Well, I can say that I have seen the first season and in homage I’d just like to give you something… A copy of our movie, Shin Pads (a mirror to Adam and Joe’s fan affliction with John Landis in episode 6)

Brilliant! Well, the second season really blows the first season away and I really love the first season but with any sitcom you have to set up all the characters and relationships and have to get it going. One of my favourite shows of all time was Seinfeld and my dad was into it first and I would sit there and watch it with him while he’s laughing and I’m just like, “I don’t get it.” Yet once I had seen six or eight episodes it was then I knew the characters I found it really funny. The thing with ‘Holliston is when we do screens like this and we show three episodes we’ll mix up the order every time. So when you show them (in order) the first gets a good reception then the second a little bit more and by the third you get to speak to people and they are like, “you can tell that by the third one, you guys had really started to…” so that’s why we mixed the order, so you can get a feel for the characters.

So you build up your characters but the real question is, how long does it take for you to get into your role? Is it just Adam Green playing Adam Green?

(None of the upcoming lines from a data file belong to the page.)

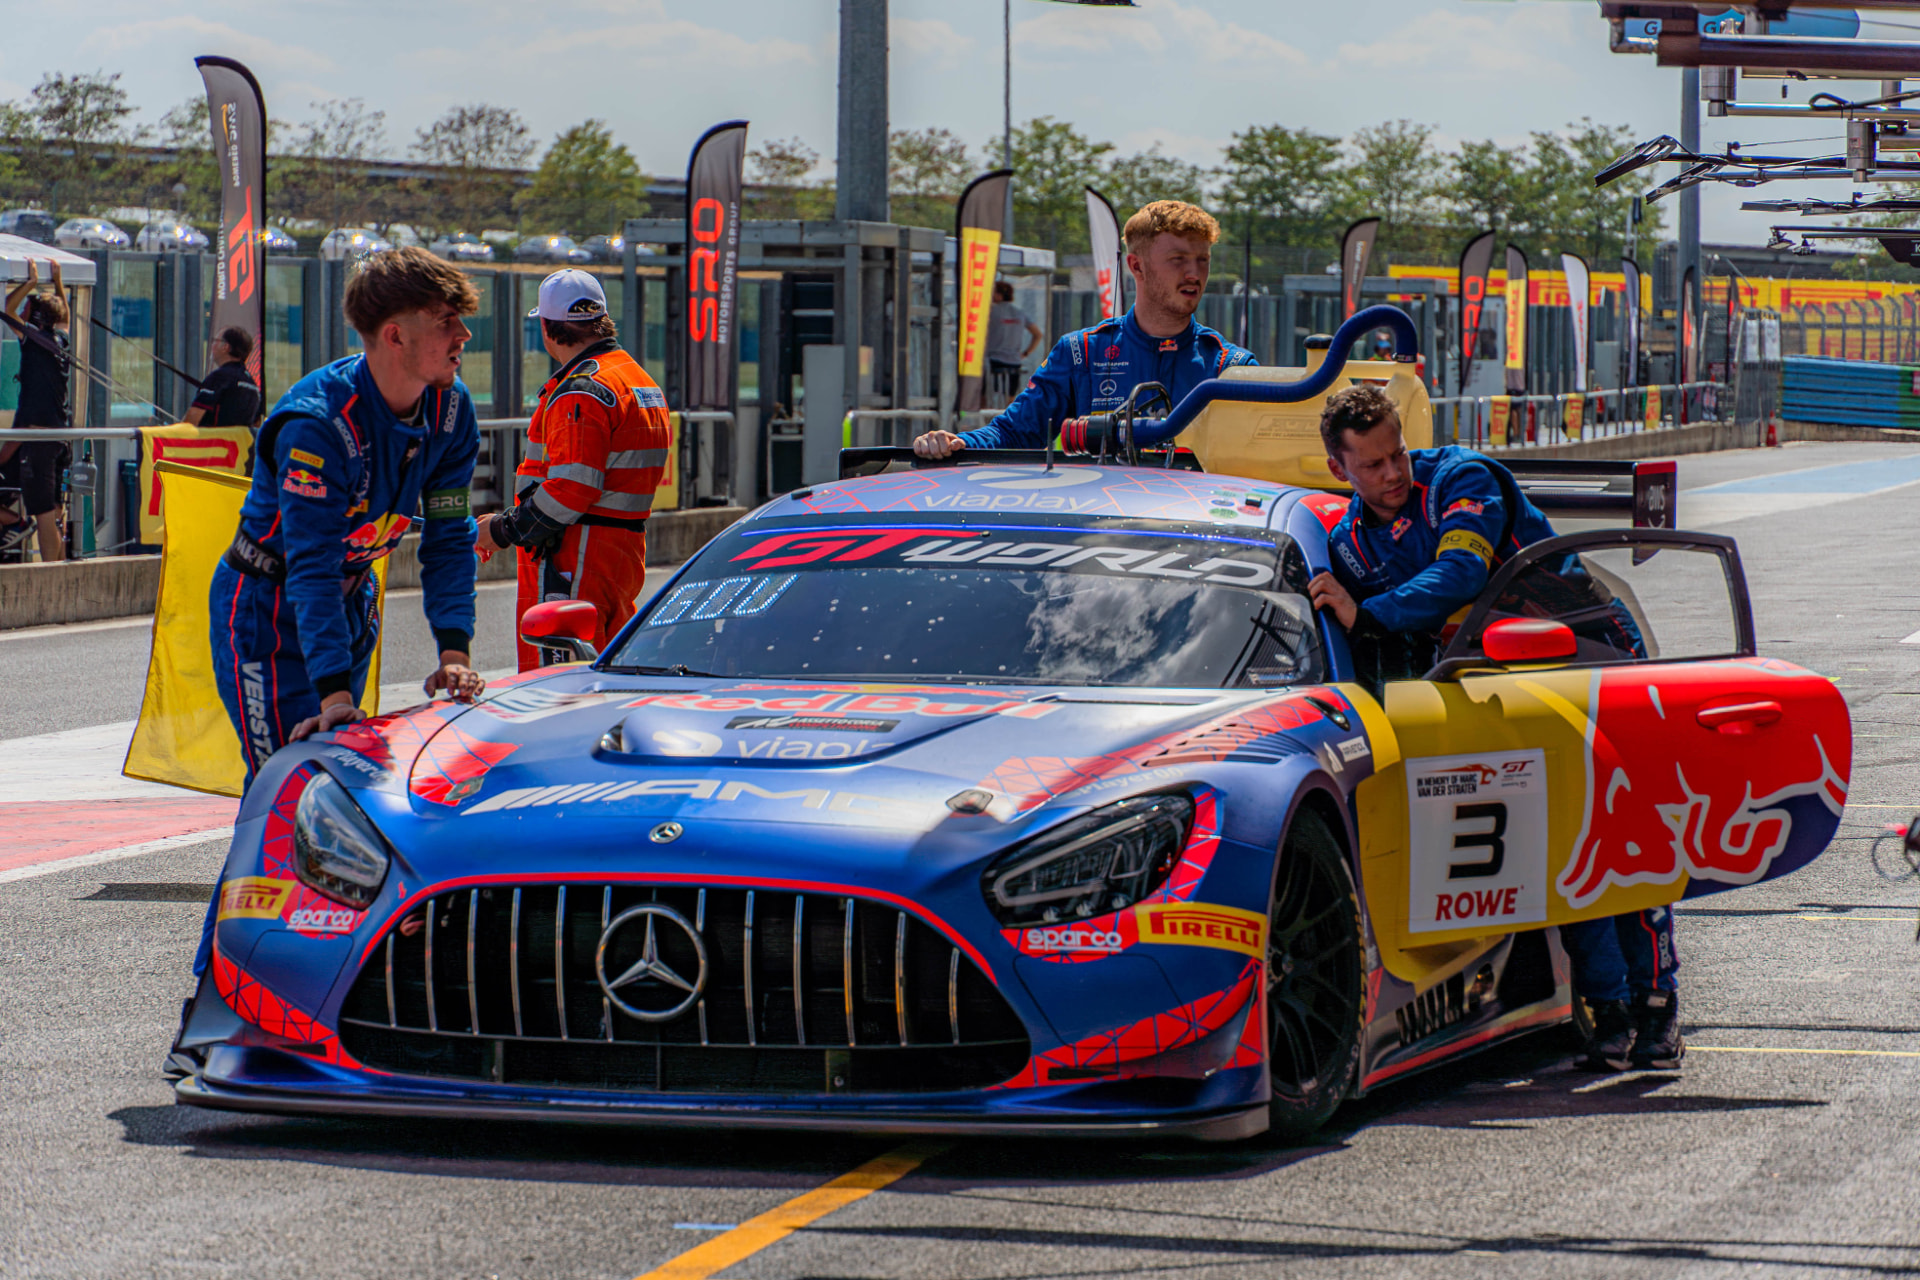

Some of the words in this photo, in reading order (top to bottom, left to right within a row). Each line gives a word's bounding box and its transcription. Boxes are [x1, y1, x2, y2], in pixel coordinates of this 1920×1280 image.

[689, 197, 725, 343] SRO
[717, 250, 736, 345] MOTORSPORTS
[727, 200, 739, 245] GROUP
[964, 241, 990, 363] PIRELLI
[1069, 335, 1083, 365] sparco
[443, 390, 460, 434] sparco
[332, 416, 357, 459] sparco
[283, 478, 305, 497] Red
[303, 482, 327, 498] Bull
[428, 494, 465, 510] SRO
[925, 491, 1098, 512] viaplay
[728, 528, 984, 571] GT
[900, 539, 1275, 587] WORLD
[1336, 541, 1366, 579] sparco
[622, 693, 852, 713] Red
[840, 693, 1065, 719] Bull
[736, 736, 896, 759] viapl
[1416, 777, 1424, 786] IN
[1424, 776, 1450, 786] MEMORY
[1459, 774, 1477, 783] MARC
[1501, 760, 1535, 773] GT
[1417, 787, 1432, 798] VAN
[1432, 786, 1446, 797] DER
[1447, 783, 1477, 796] STRATEN
[1447, 802, 1508, 880] 3
[220, 884, 283, 911] PIRELLI
[1434, 887, 1519, 922] ROWE
[287, 909, 355, 930] sparco
[1149, 910, 1260, 948] PIRELLI
[1027, 928, 1122, 952] sparco

That’s it! All of us, Joe, Corri, Laura and I, even Oderus. The only person who is actually acting is Dee which is funny because that’s what people think he is like but he’s nothing like that. People know the image of Twisted Sister and he doesn’t drink, he doesn’t smoke, he never did and has always been a family man, and what he likes about that character is he gets to make fun. He knew a million of those guys when he was coming up. Meeting the lead singers of tribute bands telling him they were going to make it big and he’s like “you’re in a fuckin’ cover band dude.” So he’s having a lot of fun making fun of that whole image but he was a little on the fence at first. He was (telling me) “You’re a close personal friend, you know I’m nothing like this but there’s other people who think this is what I’m like. I’ve spent 20 years reinventing myself and now I’m going to do something that will make everybody think…” and I said “It wouldn’t be like that”. The first day of shooting, they were filming ‘Underworld 4’ next door and as Dee walked through someone shouted “Hey Dee, still rockin’ the make up” and he’s still so fuckin’ funny. But he’s the only one who plays someone who’s nothing like him. That’s why we kept all the same first names as all the characters are based on them. In real life Laura, Corri and Joe are my best friends and if this thing could go forever I would be so happy.

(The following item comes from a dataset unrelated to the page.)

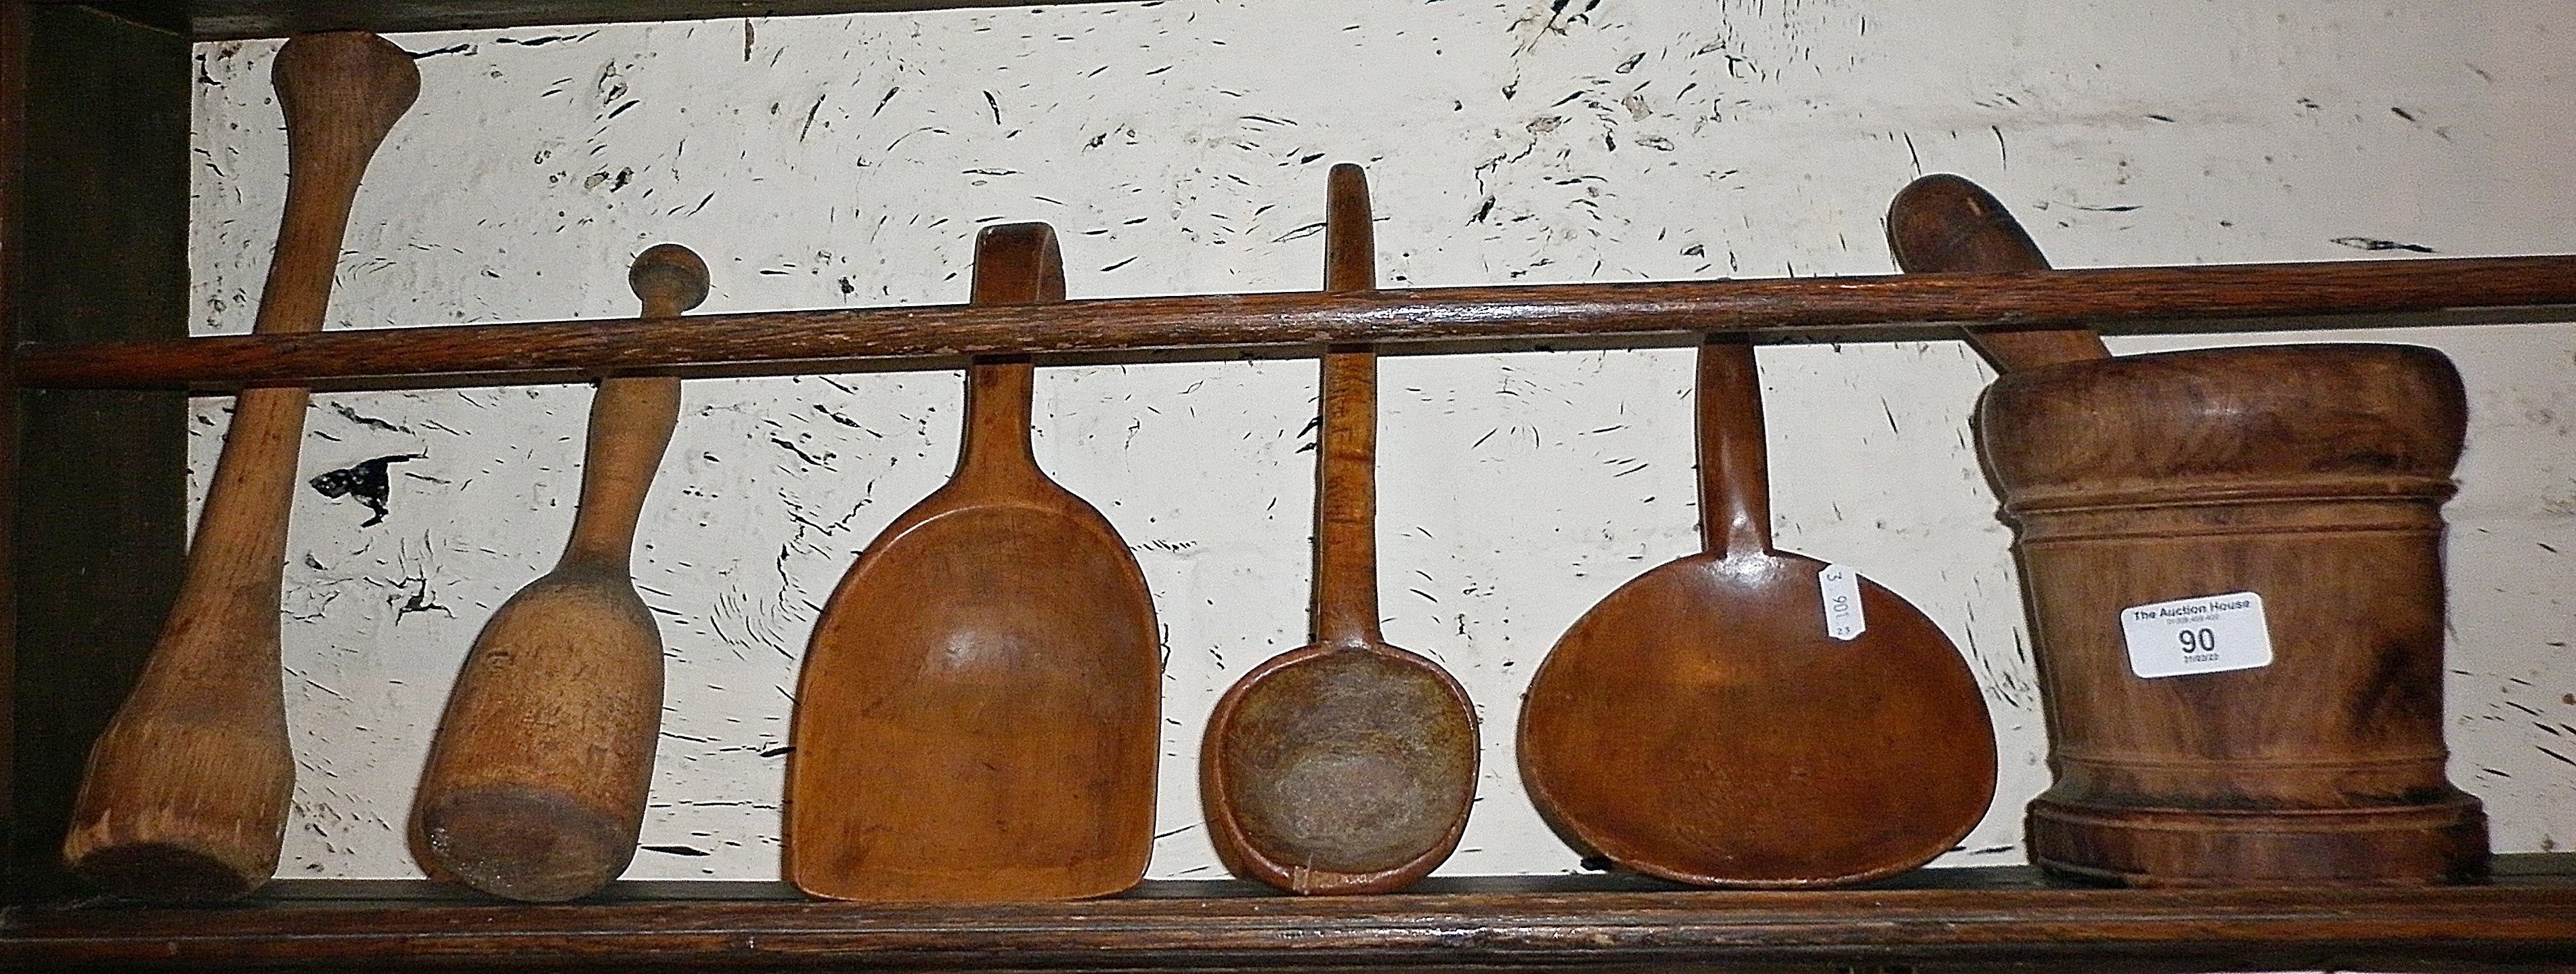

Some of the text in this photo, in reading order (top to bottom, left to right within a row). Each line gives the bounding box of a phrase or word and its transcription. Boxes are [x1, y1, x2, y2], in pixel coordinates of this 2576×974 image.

[2134, 611, 2156, 620] The
[2160, 604, 2207, 617] Auction
[2210, 599, 2250, 612] House
[2179, 627, 2215, 654] 90

And the fact we can still continue making movies is great. I know fans were worried when we were making the second season does that mean this is it? No and the only reason we are holding on the third season is because Joe’s out in Serbia filming ‘Everly’, I’m just picking up ‘Digging Up the Marrow’, Dee has a broadway show and Corri has just had a baby. We’ve always got time for the movies. The movies come first.

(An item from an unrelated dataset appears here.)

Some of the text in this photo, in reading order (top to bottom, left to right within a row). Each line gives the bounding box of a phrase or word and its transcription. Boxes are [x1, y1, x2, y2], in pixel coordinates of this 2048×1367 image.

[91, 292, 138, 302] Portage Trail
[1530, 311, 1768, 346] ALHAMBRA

Well there is certainly a great balance and before I leave there are just a few quickfire question I’m going to throw you way.

Victor Crowley or Mr Crowley?

Victor Crowley

Hatchet 2 or Wrong Turn 2?

Hatchet 2

Real Blood or Prop Blood?

Prop Blood

Screamfest or Frightfest?


Adam or Joe?


GWAR or Twisted Sister?

Twisted Sister

Dreams or Nightmares?


Landis or Lando?


Shock and gore or Hide and peek?

Shock and gore

Directing or Acting?


Well, Adam, I can say you’ve passed with flying colours, it’s been a pleasure and look forward to both Holliston and Hatchet 3.